◆ What to work on: Transcribe every entry word for word, but drop the pictures.
Segment Start: Given entries
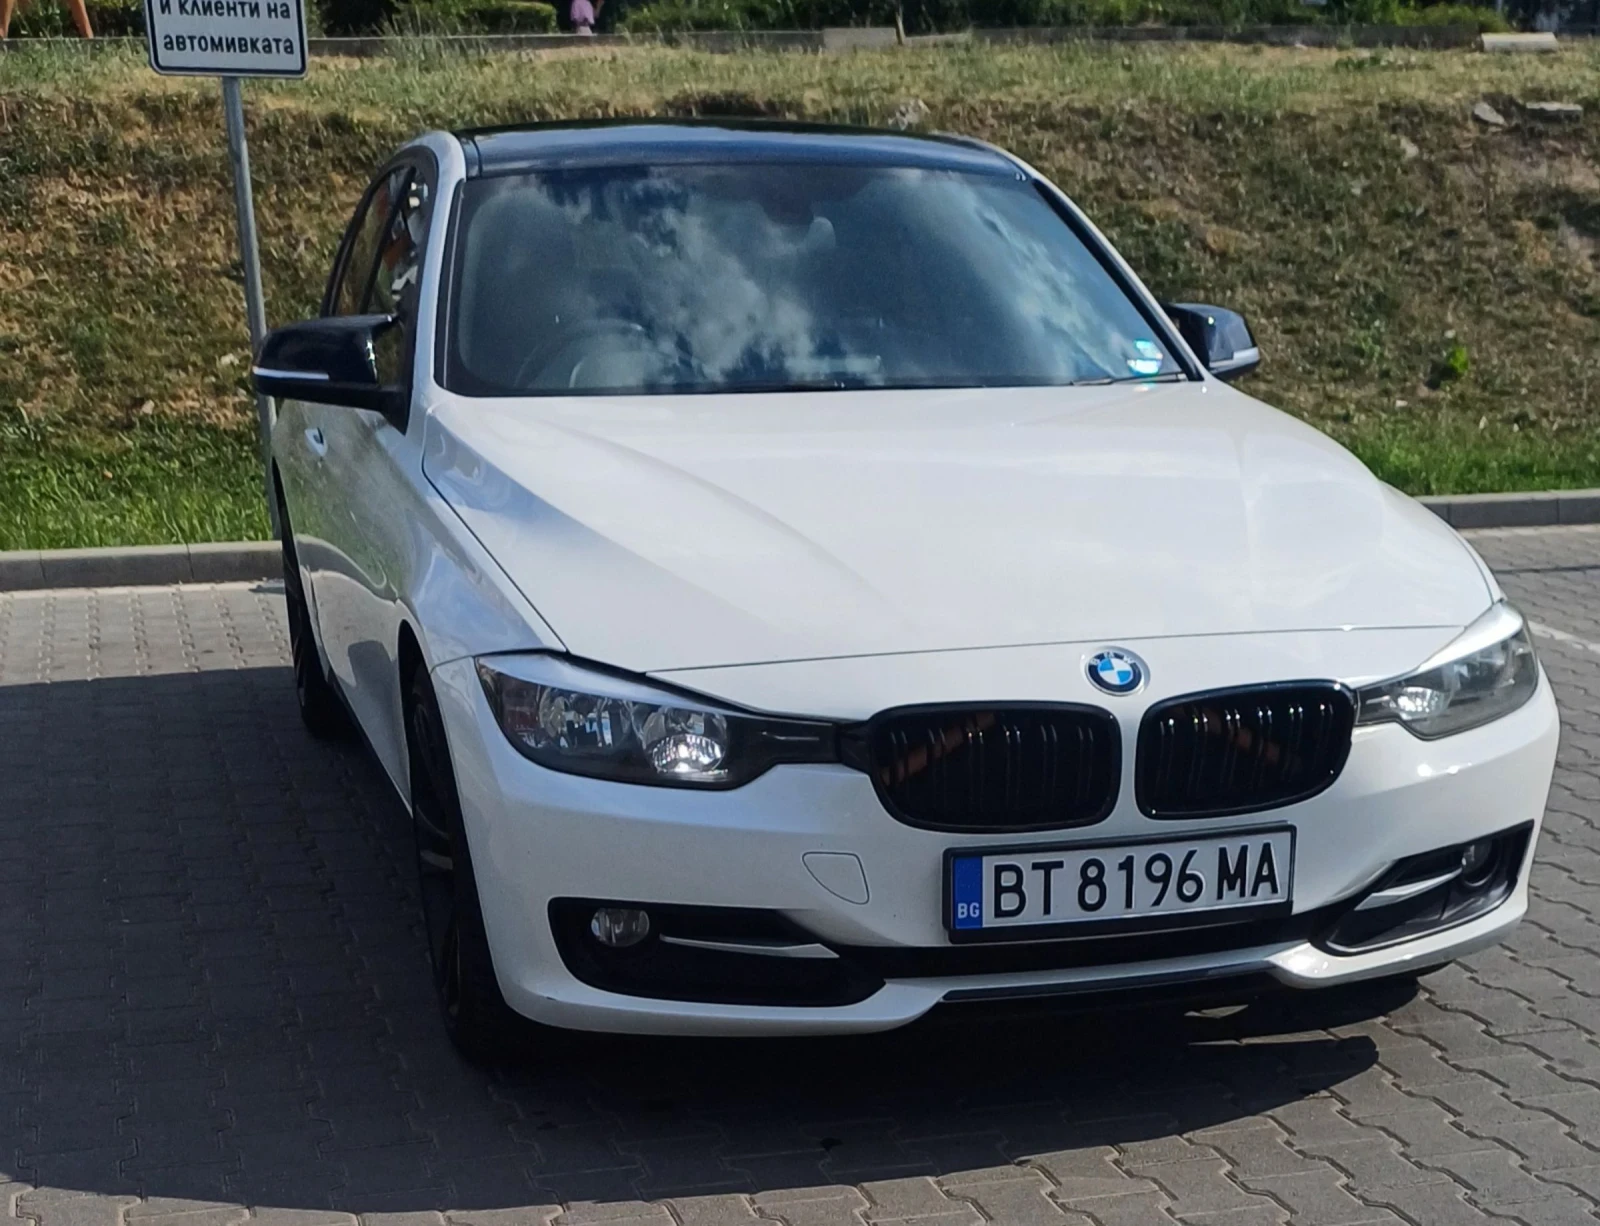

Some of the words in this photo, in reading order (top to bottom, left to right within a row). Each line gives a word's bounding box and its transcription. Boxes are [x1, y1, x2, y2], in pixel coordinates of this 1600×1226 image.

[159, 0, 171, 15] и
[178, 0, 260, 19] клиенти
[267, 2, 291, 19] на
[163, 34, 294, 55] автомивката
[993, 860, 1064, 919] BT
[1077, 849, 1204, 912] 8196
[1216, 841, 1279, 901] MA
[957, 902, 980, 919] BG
Segment End: Given entries
◆ Answer for this exercise:
Some of the words in this photo, in reading order (top to bottom, left to right within a row). Each line gives a word's bounding box and its transcription. Boxes are [x1, y1, x2, y2], in pixel coordinates of this 1600×1226 image.

[159, 0, 171, 15] и
[178, 0, 260, 19] клиенти
[267, 2, 291, 19] на
[163, 34, 294, 55] автомивката
[993, 860, 1064, 919] BT
[1077, 849, 1204, 912] 8196
[1216, 841, 1279, 901] MA
[957, 902, 980, 919] BG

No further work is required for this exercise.